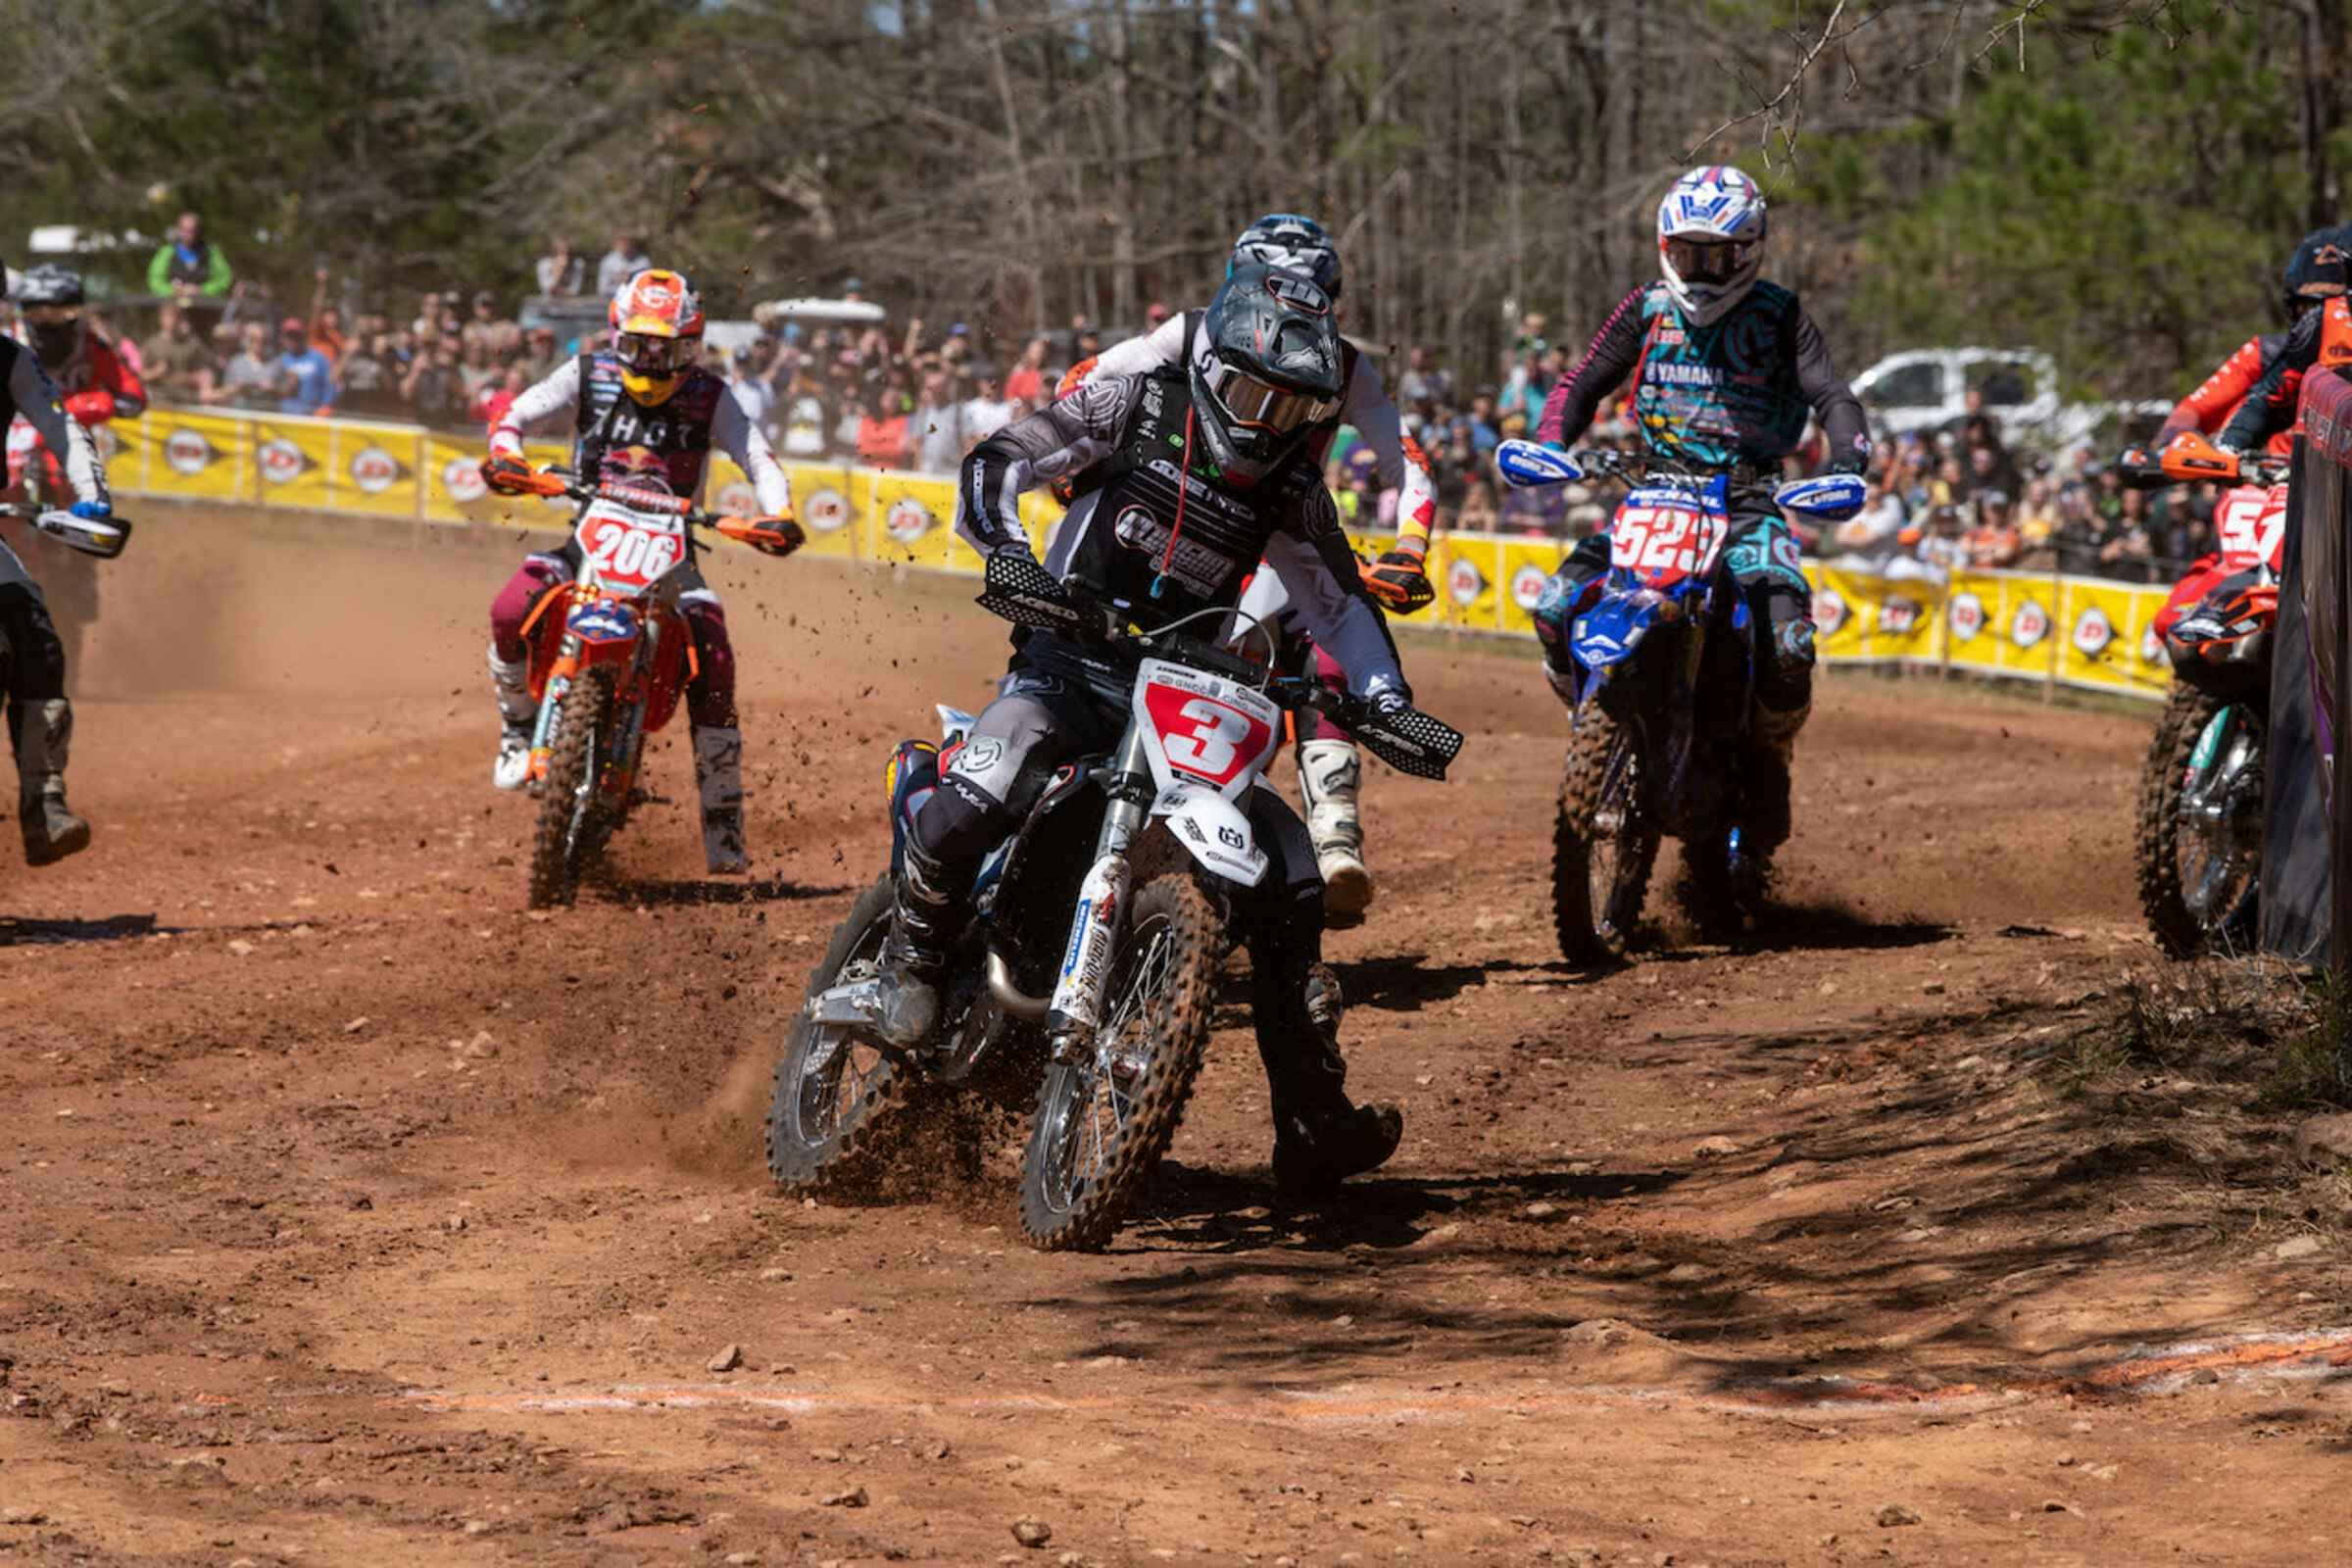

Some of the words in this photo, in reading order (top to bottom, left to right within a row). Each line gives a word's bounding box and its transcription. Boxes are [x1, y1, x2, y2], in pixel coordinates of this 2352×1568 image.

[1657, 363, 1726, 386] YAMAHA
[589, 522, 678, 581] 206
[1611, 509, 1729, 574] 523
[1162, 698, 1252, 776] 3
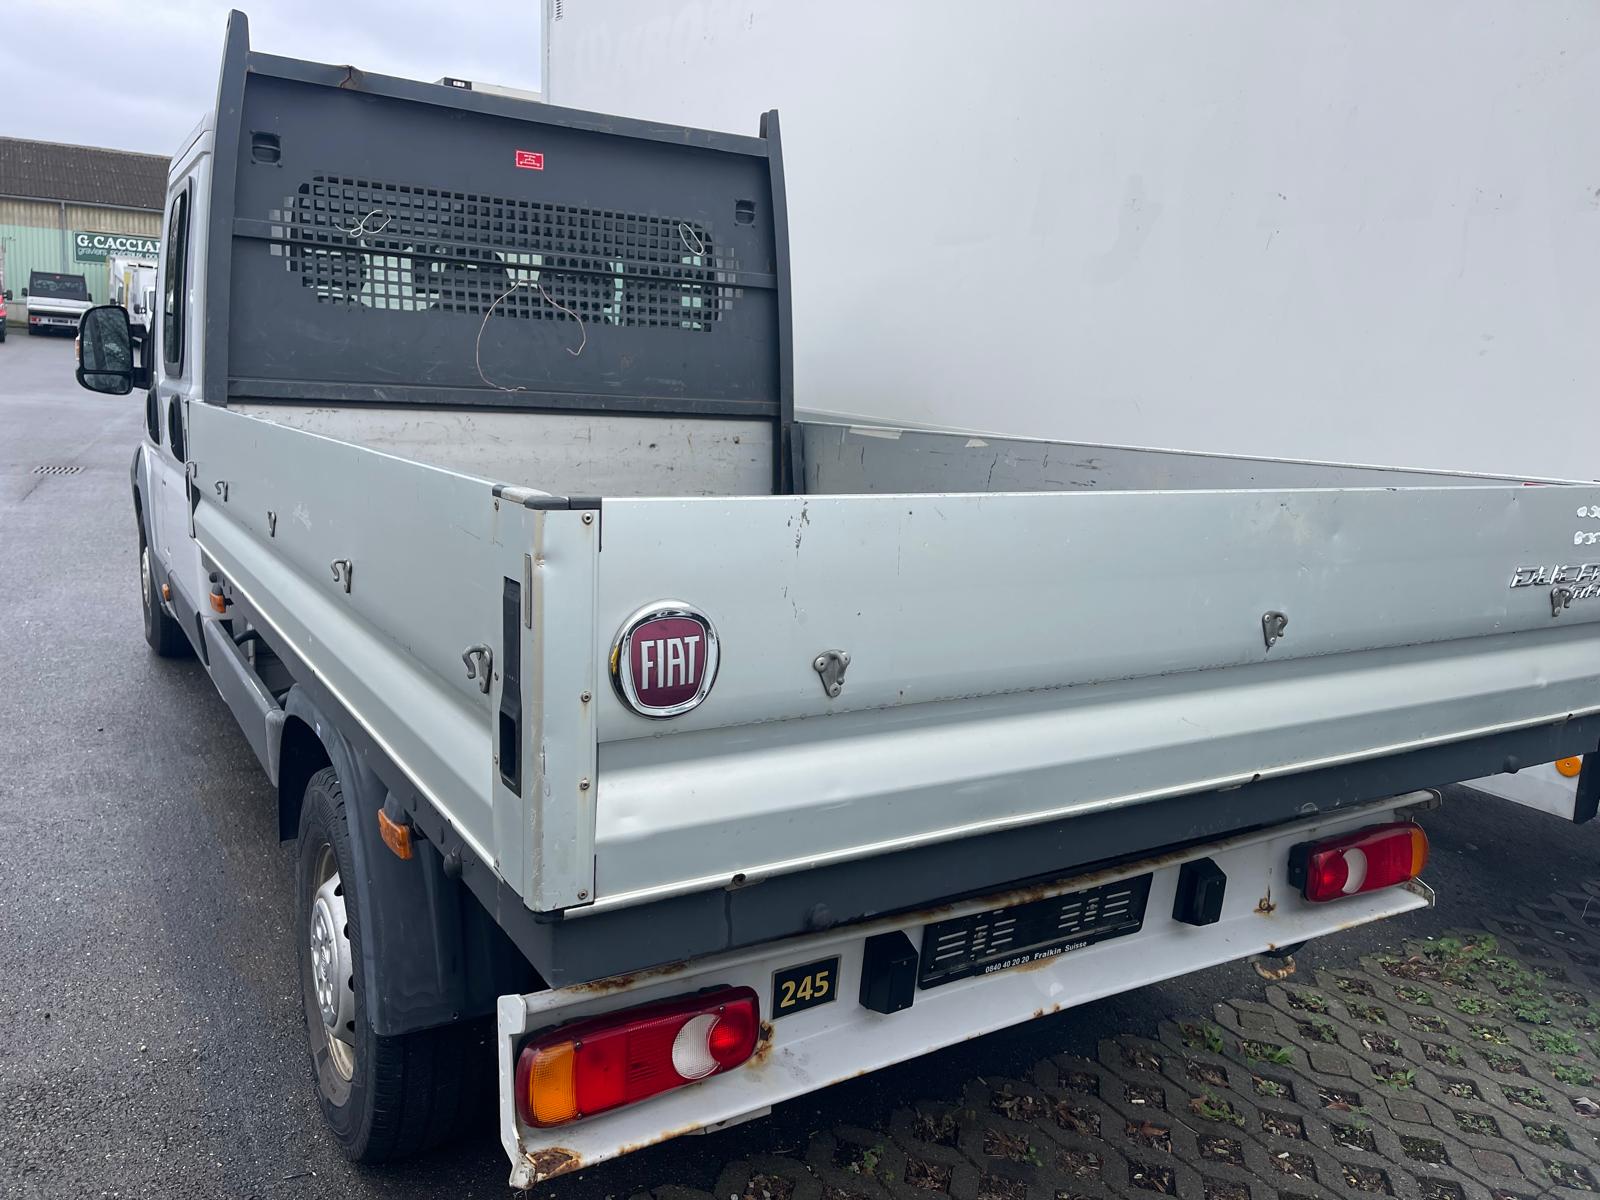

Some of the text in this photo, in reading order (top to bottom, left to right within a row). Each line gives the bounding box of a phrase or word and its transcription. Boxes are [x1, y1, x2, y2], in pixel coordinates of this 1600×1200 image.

• _Exercise description_
Each entry above should be printed exactly, and any picture in it left out.

• _Result of the exercise_
Some of the words in this photo, in reading order (top to bottom, left to right within a row). Each line gives a word's bounding box and its transcription. Boxes are [x1, y1, x2, y2], in pixel coordinates of this 2352×1568 image.

[1657, 363, 1726, 386] YAMAHA
[589, 522, 678, 581] 206
[1611, 509, 1729, 574] 523
[1162, 698, 1252, 776] 3

Some of the text in this photo, in reading order (top to bottom, left to right within a row). Each line gives the bounding box of a phrase or word and its transcription. Boxes are [x1, y1, x2, y2], in pixel coordinates of this 1600×1200 image.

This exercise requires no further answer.